Shirli-myrli (, also released as What a Mess!) is a 1995 farce comedy film of the early post-soviet era directed by Vladimir Menshov. Centered around a pursued con man, who stole a huge diamond, the movie, among other things, satirizes chauvinism, antisemitism and other ethnic tensions in the 1990s Russia. Valery Garkalin plays multiple roles as identical twins who were raised believing they belong to different cultures and races and used to look down on each other's.

Plot summary
While digging in the diamond mine "Unpromising" in Yakutia an enormous diamond was found.
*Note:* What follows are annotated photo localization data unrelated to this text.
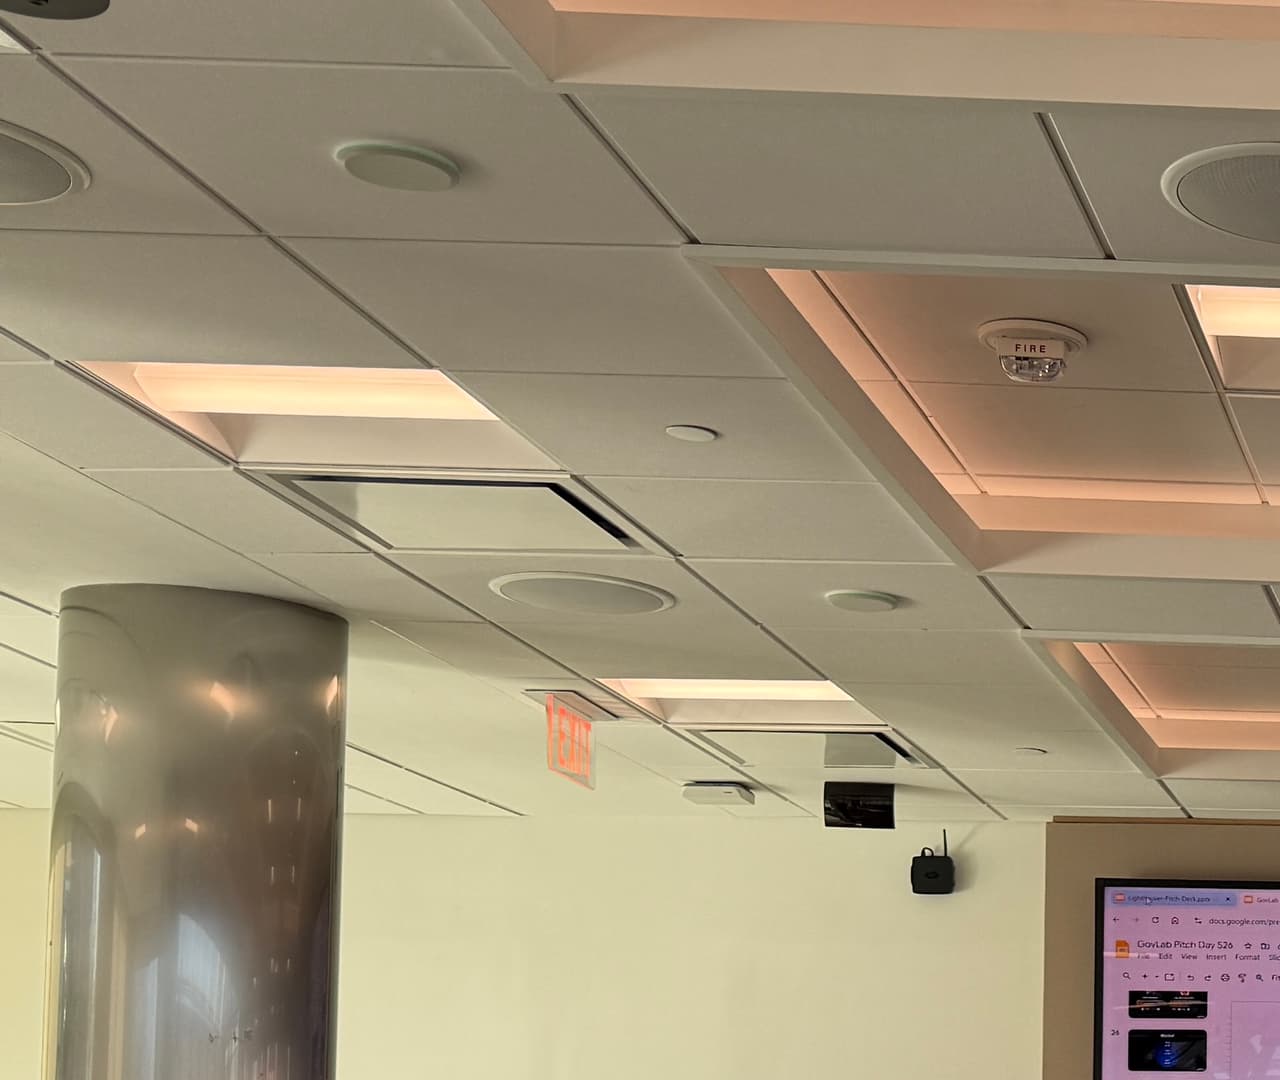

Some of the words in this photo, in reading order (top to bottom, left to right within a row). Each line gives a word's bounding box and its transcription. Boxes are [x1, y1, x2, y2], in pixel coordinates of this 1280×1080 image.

[1015, 343, 1047, 353] FIRE
[557, 705, 592, 778] EXIT
[1137, 940, 1173, 949] GovLab
[1174, 940, 1197, 949] Pitch
[1198, 941, 1216, 950] Day
[1206, 953, 1228, 961] Insert
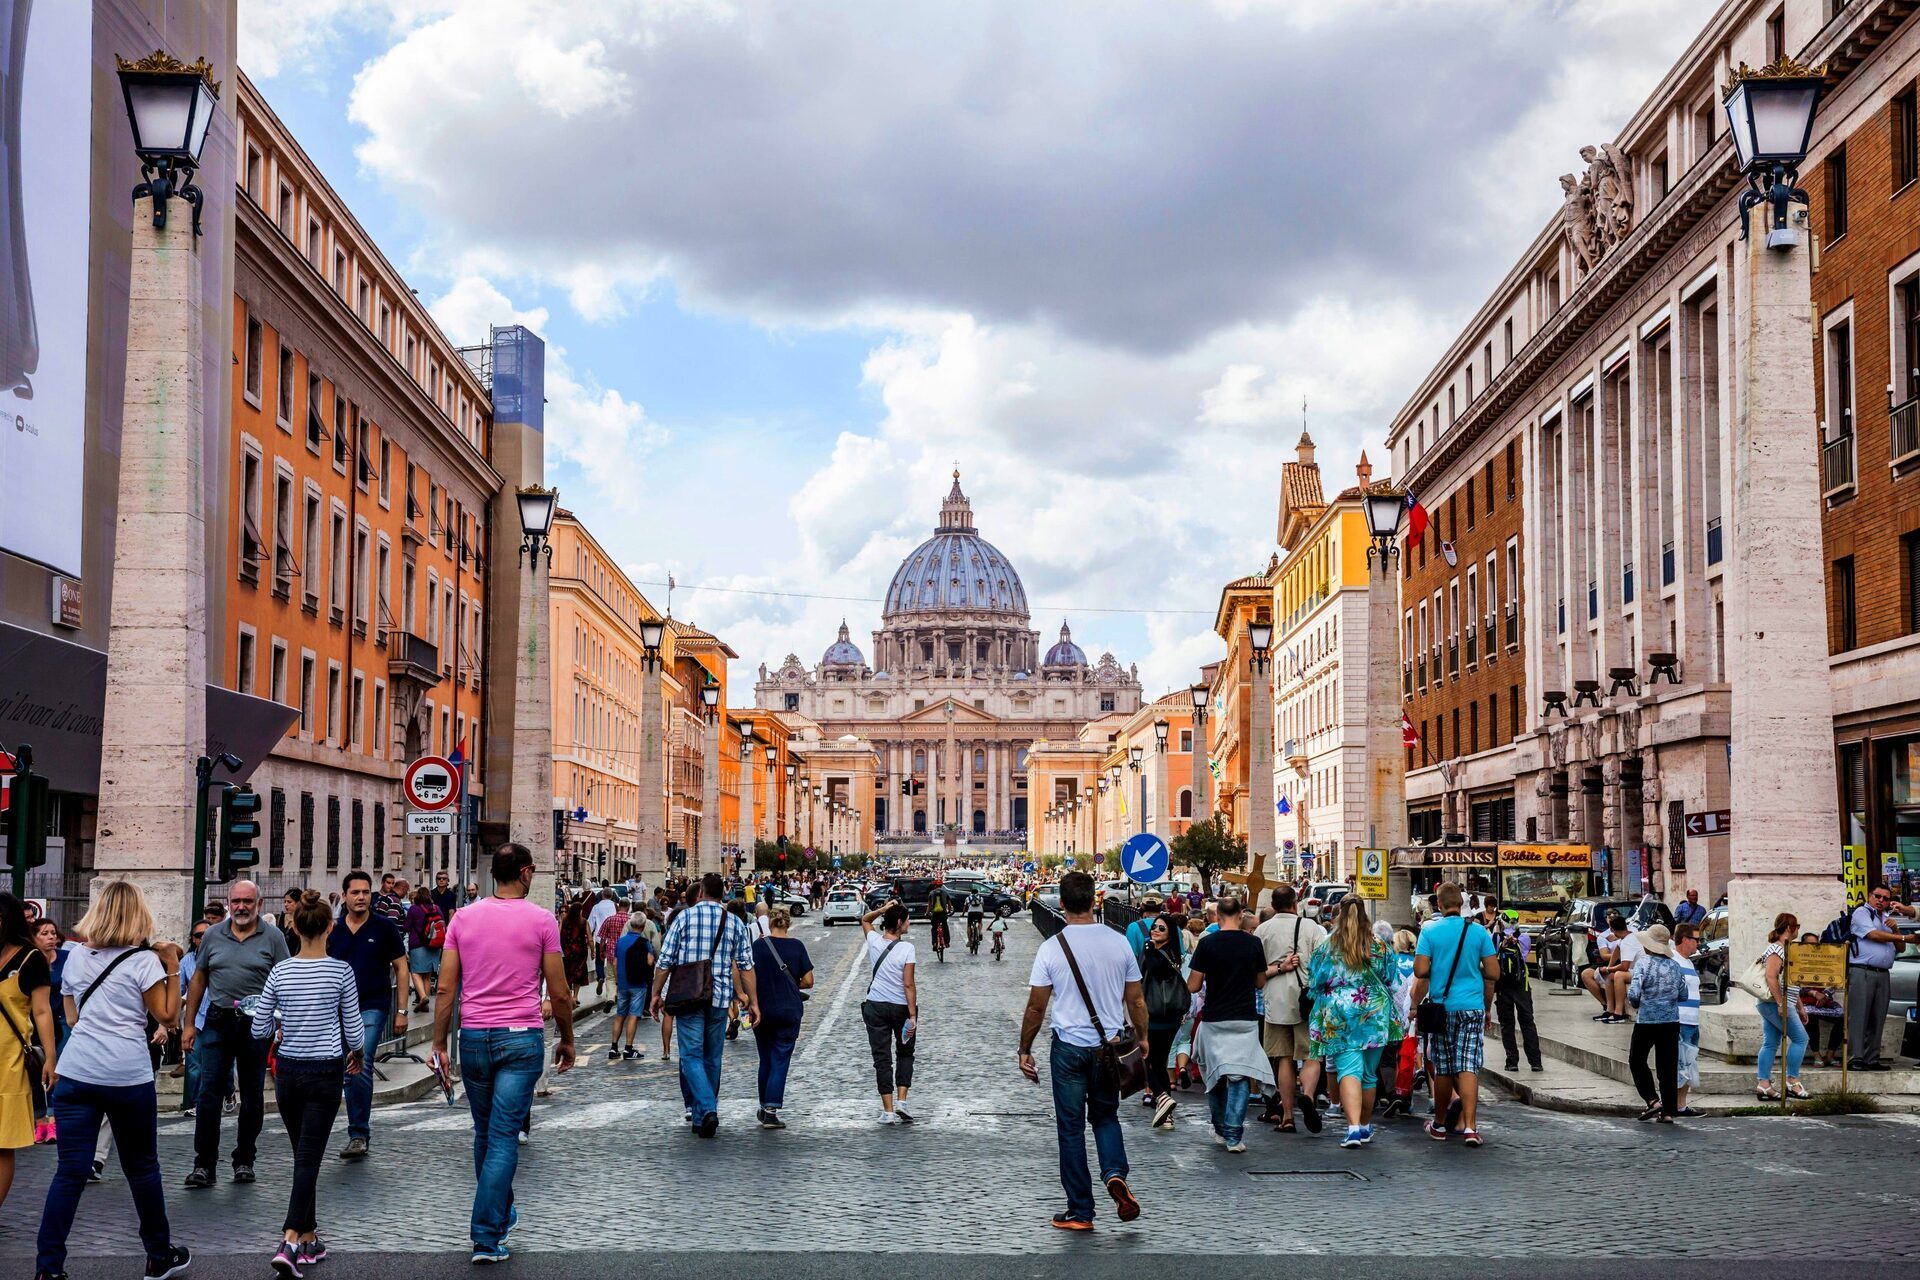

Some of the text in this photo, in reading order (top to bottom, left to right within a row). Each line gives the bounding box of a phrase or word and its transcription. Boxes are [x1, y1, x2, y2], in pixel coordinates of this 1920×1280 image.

It is called The Savior of Russia: officials declare that the sale of the diamond could pay off the national debt and pay for every Russian citizen to take a three-year-long vacation at the Canary Islands.

While the diamond is being transported to Moscow (by Antonov An-124 Ruslan) it is stolen by the crime boss Kozulskiy (Armen Dzhigarkhanyan), who is then robbed by professional thief Vasiliy Krolikov (Valeri Garkalin).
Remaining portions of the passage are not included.